══ Available data ══

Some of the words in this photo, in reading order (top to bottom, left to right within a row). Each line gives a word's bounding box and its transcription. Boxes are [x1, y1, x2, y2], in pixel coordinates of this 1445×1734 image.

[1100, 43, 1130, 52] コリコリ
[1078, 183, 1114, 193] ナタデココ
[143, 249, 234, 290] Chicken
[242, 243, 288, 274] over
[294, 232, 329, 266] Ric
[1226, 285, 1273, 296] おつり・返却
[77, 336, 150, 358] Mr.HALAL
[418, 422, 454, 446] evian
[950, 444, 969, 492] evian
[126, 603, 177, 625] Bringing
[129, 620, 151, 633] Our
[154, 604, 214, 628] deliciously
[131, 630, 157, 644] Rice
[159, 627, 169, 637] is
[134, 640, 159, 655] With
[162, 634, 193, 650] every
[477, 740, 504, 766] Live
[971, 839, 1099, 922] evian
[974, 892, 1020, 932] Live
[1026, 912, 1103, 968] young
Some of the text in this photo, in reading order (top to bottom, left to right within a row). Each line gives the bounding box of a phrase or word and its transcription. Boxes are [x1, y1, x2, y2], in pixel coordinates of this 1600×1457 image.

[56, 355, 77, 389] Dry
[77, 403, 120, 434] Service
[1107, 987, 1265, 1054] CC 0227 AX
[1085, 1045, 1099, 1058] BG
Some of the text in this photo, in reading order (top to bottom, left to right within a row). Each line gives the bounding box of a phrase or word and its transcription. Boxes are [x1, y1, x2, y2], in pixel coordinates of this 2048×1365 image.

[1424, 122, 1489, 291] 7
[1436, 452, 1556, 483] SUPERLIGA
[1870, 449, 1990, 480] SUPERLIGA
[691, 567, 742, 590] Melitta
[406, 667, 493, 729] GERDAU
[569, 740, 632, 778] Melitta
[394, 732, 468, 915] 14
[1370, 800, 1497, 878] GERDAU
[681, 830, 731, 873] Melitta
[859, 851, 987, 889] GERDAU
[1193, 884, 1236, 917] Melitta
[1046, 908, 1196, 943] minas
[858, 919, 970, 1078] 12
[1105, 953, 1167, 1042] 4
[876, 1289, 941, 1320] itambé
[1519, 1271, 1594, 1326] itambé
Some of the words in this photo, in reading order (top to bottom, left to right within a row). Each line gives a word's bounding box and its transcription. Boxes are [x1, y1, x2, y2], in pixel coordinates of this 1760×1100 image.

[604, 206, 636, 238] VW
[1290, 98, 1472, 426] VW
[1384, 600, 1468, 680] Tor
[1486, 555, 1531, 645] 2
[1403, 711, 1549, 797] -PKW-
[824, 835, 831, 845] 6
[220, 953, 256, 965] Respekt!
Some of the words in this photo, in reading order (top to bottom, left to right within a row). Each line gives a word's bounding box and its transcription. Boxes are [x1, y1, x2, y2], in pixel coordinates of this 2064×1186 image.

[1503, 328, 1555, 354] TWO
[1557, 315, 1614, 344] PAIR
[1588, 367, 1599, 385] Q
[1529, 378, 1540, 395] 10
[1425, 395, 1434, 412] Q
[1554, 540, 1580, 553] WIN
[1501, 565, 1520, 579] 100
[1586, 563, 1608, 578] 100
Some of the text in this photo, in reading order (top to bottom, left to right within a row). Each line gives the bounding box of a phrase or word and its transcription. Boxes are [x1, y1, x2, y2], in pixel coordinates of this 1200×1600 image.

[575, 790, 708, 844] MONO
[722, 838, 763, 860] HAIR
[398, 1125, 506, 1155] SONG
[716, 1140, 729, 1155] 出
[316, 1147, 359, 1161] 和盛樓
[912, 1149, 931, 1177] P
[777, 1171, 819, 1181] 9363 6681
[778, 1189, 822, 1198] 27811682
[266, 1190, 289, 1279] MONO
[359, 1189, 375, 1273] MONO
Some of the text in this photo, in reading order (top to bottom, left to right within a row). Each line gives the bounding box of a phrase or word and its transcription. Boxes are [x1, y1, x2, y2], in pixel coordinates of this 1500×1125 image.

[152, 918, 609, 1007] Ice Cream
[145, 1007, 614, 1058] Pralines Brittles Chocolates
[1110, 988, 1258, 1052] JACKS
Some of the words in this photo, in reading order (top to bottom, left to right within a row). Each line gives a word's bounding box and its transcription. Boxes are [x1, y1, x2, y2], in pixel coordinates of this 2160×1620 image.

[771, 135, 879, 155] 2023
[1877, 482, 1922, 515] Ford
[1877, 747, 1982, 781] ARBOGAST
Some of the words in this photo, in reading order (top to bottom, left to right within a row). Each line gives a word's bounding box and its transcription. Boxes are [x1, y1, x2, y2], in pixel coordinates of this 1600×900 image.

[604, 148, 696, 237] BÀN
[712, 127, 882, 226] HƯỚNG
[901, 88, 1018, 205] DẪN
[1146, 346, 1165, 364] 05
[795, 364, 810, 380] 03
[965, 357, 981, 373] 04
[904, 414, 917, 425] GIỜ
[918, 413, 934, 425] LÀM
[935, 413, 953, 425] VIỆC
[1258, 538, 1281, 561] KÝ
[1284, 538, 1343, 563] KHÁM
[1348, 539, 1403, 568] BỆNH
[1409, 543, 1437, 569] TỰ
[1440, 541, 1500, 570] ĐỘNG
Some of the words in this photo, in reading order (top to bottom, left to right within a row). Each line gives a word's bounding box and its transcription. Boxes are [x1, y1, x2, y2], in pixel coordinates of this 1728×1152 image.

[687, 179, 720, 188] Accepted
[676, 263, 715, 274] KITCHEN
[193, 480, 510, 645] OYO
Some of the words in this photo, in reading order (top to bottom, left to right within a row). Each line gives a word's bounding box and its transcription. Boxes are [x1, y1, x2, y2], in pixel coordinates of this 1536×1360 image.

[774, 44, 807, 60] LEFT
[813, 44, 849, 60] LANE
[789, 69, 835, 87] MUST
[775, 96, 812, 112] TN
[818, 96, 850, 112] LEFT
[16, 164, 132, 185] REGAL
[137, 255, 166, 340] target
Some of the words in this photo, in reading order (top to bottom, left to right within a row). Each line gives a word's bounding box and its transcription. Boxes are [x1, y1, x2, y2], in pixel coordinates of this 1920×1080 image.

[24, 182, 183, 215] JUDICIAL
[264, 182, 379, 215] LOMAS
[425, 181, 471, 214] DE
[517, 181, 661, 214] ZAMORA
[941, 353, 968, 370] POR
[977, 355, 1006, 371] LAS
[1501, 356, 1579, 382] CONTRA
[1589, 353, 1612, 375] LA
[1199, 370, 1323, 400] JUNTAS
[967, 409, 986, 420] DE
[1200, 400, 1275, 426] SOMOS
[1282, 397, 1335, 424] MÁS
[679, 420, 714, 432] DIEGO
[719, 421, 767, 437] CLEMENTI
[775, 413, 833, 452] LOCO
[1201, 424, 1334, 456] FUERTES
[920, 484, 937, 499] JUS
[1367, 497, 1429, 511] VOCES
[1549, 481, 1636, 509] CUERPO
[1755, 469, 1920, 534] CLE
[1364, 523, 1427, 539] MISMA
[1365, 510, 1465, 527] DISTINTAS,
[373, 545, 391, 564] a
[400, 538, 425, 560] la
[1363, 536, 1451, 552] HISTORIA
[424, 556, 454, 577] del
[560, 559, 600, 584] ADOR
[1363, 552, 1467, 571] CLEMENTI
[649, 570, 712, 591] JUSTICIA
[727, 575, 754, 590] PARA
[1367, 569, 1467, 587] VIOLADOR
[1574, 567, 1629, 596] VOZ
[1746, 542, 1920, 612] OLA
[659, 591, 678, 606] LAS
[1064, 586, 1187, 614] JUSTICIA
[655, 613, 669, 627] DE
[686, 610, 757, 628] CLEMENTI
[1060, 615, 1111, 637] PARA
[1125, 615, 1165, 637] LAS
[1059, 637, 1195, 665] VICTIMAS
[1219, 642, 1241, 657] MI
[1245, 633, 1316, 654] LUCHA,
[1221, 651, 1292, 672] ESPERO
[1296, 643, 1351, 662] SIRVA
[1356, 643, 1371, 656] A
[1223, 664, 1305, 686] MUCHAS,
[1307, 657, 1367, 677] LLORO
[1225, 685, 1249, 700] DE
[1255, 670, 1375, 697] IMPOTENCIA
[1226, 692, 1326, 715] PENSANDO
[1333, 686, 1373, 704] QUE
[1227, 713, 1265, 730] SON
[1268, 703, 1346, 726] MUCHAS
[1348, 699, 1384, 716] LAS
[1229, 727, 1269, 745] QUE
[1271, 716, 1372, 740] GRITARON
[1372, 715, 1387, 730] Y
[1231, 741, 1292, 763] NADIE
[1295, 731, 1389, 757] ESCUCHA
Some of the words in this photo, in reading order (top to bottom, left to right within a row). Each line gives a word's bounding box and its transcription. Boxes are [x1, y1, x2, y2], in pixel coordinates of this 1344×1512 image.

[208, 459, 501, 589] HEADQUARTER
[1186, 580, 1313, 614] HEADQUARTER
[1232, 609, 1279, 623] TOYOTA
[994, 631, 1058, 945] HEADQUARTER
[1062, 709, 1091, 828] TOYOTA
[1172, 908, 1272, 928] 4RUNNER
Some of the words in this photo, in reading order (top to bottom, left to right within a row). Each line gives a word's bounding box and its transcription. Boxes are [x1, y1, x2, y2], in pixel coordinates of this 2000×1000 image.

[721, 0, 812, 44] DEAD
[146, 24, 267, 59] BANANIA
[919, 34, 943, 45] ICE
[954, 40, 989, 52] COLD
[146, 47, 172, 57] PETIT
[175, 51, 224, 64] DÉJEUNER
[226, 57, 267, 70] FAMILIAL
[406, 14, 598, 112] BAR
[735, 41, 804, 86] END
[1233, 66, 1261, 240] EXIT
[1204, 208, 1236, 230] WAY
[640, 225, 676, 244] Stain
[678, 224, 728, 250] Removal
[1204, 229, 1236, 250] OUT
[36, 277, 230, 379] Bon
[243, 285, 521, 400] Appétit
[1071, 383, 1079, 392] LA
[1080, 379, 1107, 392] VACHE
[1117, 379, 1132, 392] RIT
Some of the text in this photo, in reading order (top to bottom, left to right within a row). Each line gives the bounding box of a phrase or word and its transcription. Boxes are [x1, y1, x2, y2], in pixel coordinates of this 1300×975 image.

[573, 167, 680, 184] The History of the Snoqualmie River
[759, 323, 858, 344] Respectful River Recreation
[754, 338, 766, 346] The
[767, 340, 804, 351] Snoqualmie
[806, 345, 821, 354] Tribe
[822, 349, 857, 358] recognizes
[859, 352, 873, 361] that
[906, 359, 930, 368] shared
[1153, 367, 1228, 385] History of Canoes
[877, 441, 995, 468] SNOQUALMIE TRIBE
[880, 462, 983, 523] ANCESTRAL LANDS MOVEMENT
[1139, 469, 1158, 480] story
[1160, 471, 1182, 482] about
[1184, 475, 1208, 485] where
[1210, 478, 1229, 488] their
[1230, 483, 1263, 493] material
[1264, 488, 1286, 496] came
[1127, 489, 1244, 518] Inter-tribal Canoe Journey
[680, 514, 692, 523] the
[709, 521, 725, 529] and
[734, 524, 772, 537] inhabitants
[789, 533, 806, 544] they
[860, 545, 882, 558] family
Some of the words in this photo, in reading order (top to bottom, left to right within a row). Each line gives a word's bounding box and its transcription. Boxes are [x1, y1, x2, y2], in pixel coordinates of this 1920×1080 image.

═══

- Exercise requirements: Begin with the line containing "this 1300×975 image." and retype it and each line after it through the end of the records, keeping them exact and including nothing more.

- Reply to the task:
Some of the text in this photo, in reading order (top to bottom, left to right within a row). Each line gives the bounding box of a phrase or word and its transcription. Boxes are [x1, y1, x2, y2], in pixel coordinates of this 1300×975 image.

[573, 167, 680, 184] The History of the Snoqualmie River
[759, 323, 858, 344] Respectful River Recreation
[754, 338, 766, 346] The
[767, 340, 804, 351] Snoqualmie
[806, 345, 821, 354] Tribe
[822, 349, 857, 358] recognizes
[859, 352, 873, 361] that
[906, 359, 930, 368] shared
[1153, 367, 1228, 385] History of Canoes
[877, 441, 995, 468] SNOQUALMIE TRIBE
[880, 462, 983, 523] ANCESTRAL LANDS MOVEMENT
[1139, 469, 1158, 480] story
[1160, 471, 1182, 482] about
[1184, 475, 1208, 485] where
[1210, 478, 1229, 488] their
[1230, 483, 1263, 493] material
[1264, 488, 1286, 496] came
[1127, 489, 1244, 518] Inter-tribal Canoe Journey
[680, 514, 692, 523] the
[709, 521, 725, 529] and
[734, 524, 772, 537] inhabitants
[789, 533, 806, 544] they
[860, 545, 882, 558] family
Some of the words in this photo, in reading order (top to bottom, left to right within a row). Each line gives a word's bounding box and its transcription. Boxes are [x1, y1, x2, y2], in pixel coordinates of this 1920×1080 image.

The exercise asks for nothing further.